Not only could those concerns be shunted aside as the United States would be, at best, outvoted. An international tribunal created to adjudicate and enforce ISA decisions could levy penalties for any efforts to impede such activities once authorized by the International Seabed Authority – even if we had reason to be fearful that such activities posed an environmental hazard to our coastal areas. Worse yet, the ISA and its tribunal are authorized to ask member states to enforce its judgments, possibly leading to conflict.
Environmental implications could be exacerbated by the ISA’s authority to apportion drilling and mining rights to other nations who may be less scrupulous than American companies in complying with environmental standards and practices this country holds dear. Such apportioning could occur even in situations where this country’s companies provide the research, seed investment and fees – the first a UN agency has ever been allowed to levy – associated with securing the required ISA permits.
Worries about the sorts of decisions UN bureaucrats might make that could harm American environmental and other equities have only been heightened by recent press accounts. According to successive investigative reports in the Wall Street Journal, there is evidence of systemic corruption and malfeasance on the part of senior UN personnel – and, in the case of the Secretary General, one of his relatives – in connection with the Iraq Oil-for-Food programs. The House International Relations Committee has announced its intention to investigate this evidence. The Senate would be well-advised to conduct its own inquiry.
At the very least, I would respectfully submit that Senators cannot responsibly act on the Law of the Sea Treaty until they can satisfy their constituents that turning over to a new UN bureaucracy the authority to make decisions about and generate revenues from what could be billions of dollars worth of ocean-related commerce will not amount – literally – to a license to steal on an unprecedented scale.
Yet another “environmental impact” could arise from limitations the treaty imposes on measures we might take to assure our national security and homeland defense. If, for instance, foreign vessels operating on the high seas do not fit into one of three categories (i.e., they are engaged in piracy, flying no flag or transmitting radio broadcasts), LOST would prohibit U.S. Navy or Coast Guard vessels from intercepting, searching or seizing them.

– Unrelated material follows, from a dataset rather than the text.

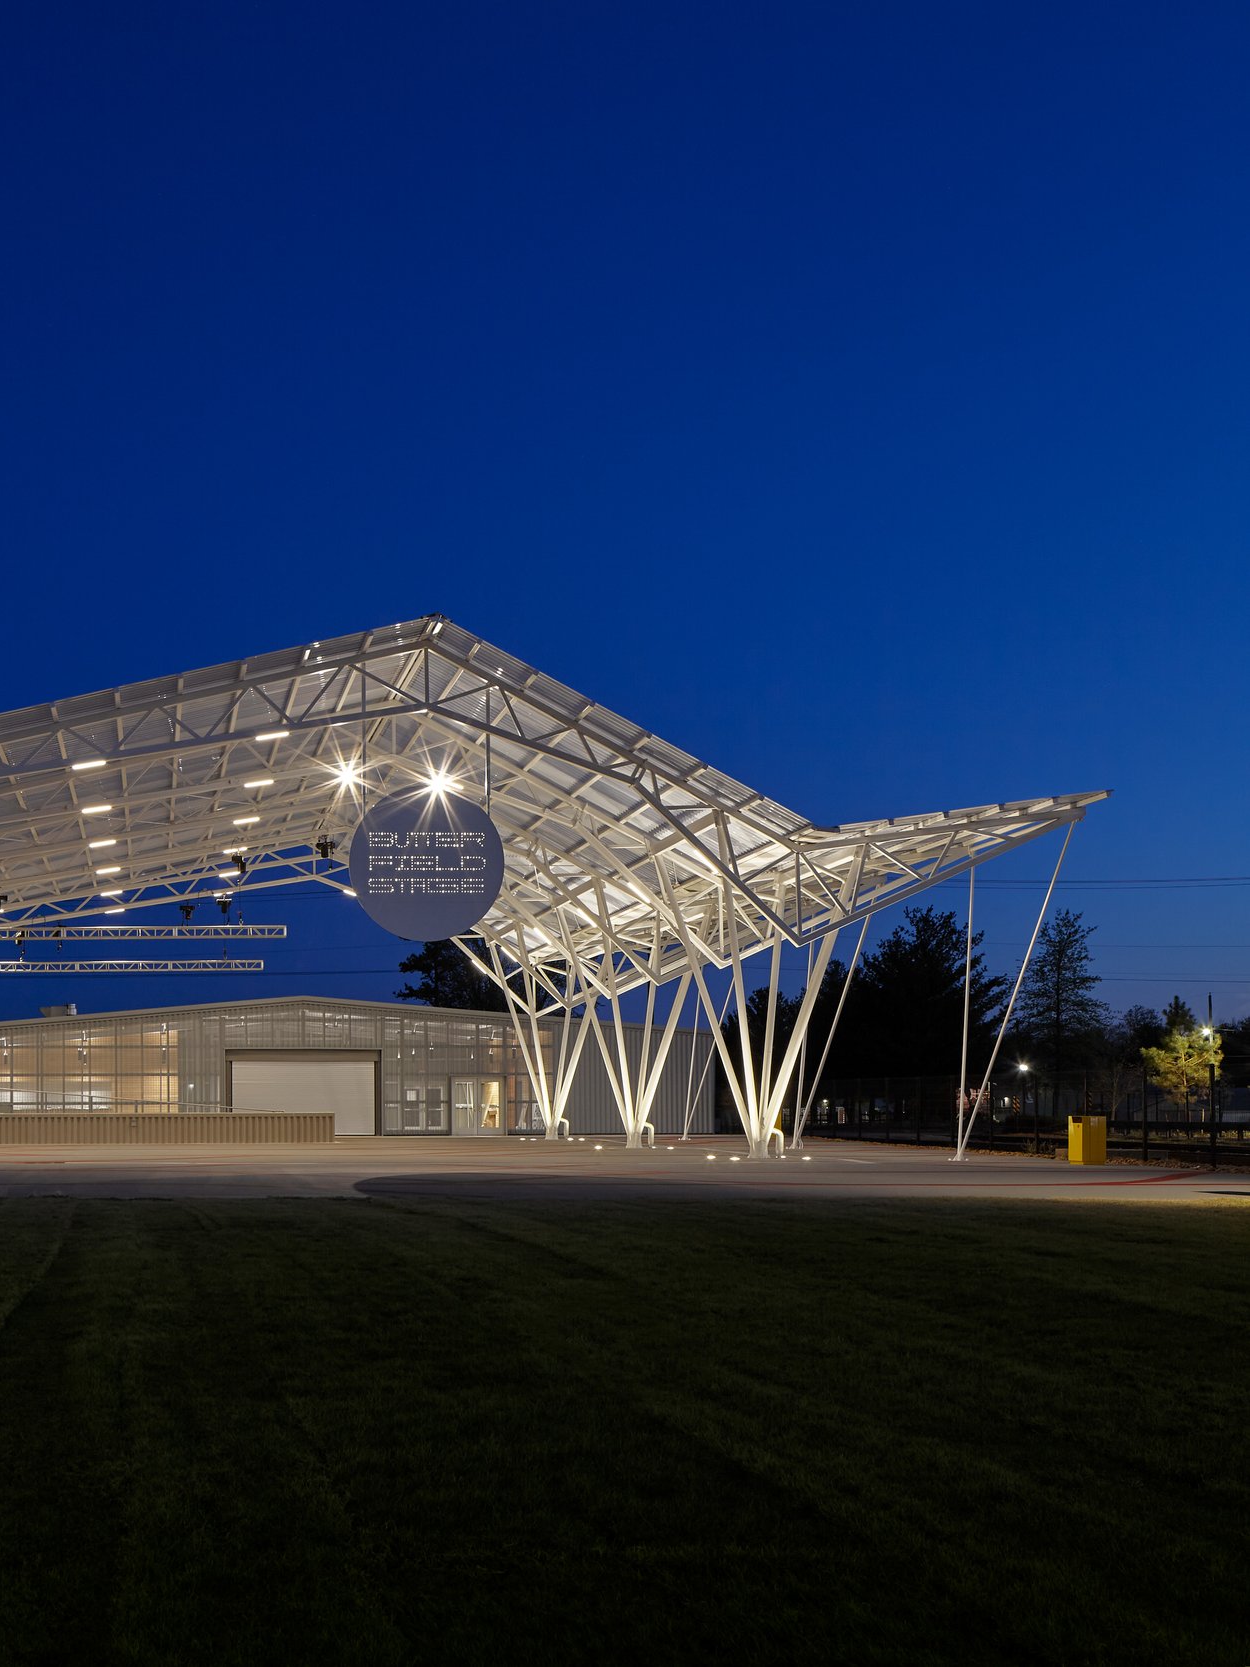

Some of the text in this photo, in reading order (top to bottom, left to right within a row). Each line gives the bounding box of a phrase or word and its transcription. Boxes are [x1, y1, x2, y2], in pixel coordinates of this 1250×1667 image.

[368, 831, 486, 849] BUTTER
[368, 855, 487, 871] FIELD
[367, 877, 485, 894] STAGE

As you know Mr. Chairman, such constraints would preclude President Bush’s most important recent counterproliferation measure – the Proliferation Security Initiative (PSI). The same would be true, however, if the crew of the foreign ship was engaged not in the sort of activity the PSI is meant to interrupt (namely, the covert transfer of weapons of mass destruction and/or related equipment), but in the shipment of heavy crude oil or other toxic materials that could cause an environmental disaster were the vessel to be blown up or scuttled in or near our waters.